CNJ aprova regulamentação da inteligência processual e reforça papel dos oficiais de justiça

O Conselho Nacional de Justiça (CNJ) aprovou norma que regulamenta a Política Nacional de Inteligência Processual, voltada à localização de pessoas, bens e informações necessárias ao cumprimento das decisões judiciais.

A decisão dialoga com debates construídos pela categoria no Coletivo dos Oficiais de Justiça Avaliadores Federais da Fenajufe (COJAF) e reafirma pontos fundamentais defendidos pelos oficiais de justiça: a valorização das atribuições próprias do cargo, o fortalecimento da atividade externa e o reconhecimento de sua importância para a efetividade da prestação jurisdicional.

Mais do que realizar atos de comunicação processual, os oficiais de justiça exercem atividade essencial à concretização das decisões judiciais, atuando na localização de pessoas e bens, na obtenção de informações relevantes para os processos e na produção de elementos que viabilizam o cumprimento das determinações judiciais.

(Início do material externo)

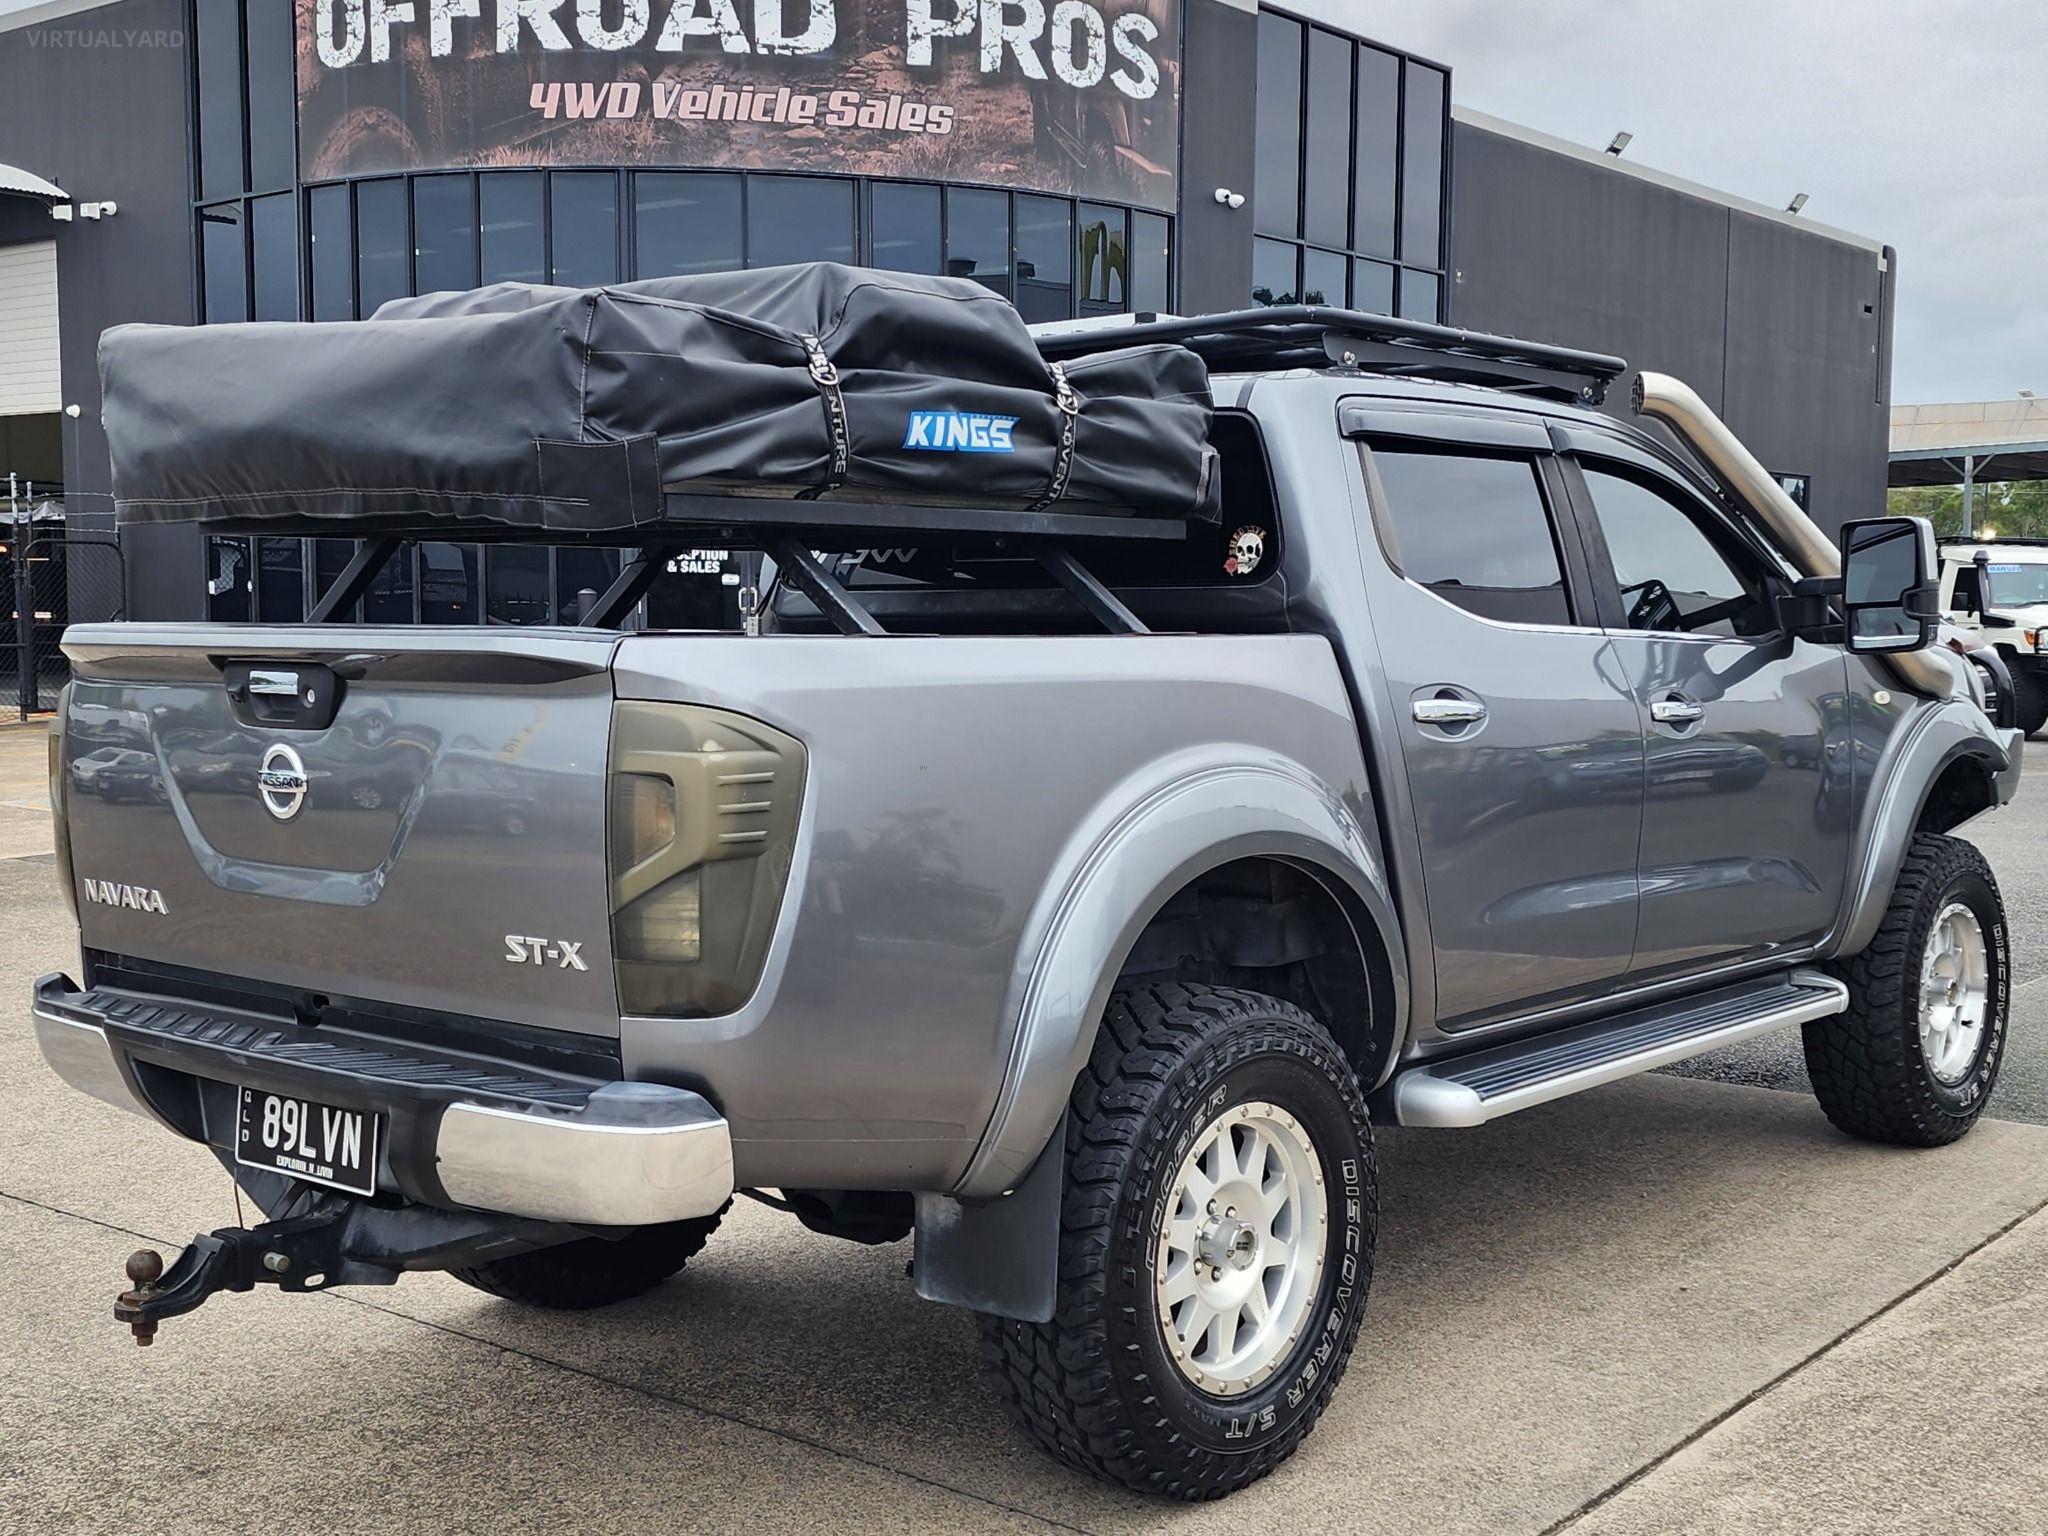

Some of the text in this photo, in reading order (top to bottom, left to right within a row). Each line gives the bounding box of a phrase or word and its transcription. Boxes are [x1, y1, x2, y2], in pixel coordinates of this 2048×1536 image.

[315, 0, 1160, 99] OFFROAD PROS
[529, 82, 954, 134] 4WD Vehicle Sales
[907, 415, 1015, 448] KINGS
[667, 560, 721, 573] & SALES
[261, 774, 304, 788] NISSAN
[84, 878, 170, 915] NAVARA
[504, 935, 589, 971] ST-X
[1145, 1084, 1227, 1271] COOPER
[1225, 1159, 1361, 1439] DISCOVERER S/T

A Fenajufe defende que a implementação da política ocorra com absoluto respeito às atribuições legalmente estabelecidas para o cargo, sem desvio de função, descaracterização da atividade externa ou transferência de atribuições típicas dos oficiais de justiça para outros cargos ou estruturas administrativas.

A Federação também defende maior abertura para a participação das entidades representativas na construção e no aperfeiçoamento de normativos que impactam diretamente a atuação dos oficiais de justiça.

A Fenajufe seguirá acompanhando o tema e defendendo a preservação da identidade profissional dos oficiais de justiça, a valorização de suas atribuições e o fortalecimento das atividades externas indispensáveis à efetividade da jurisdição.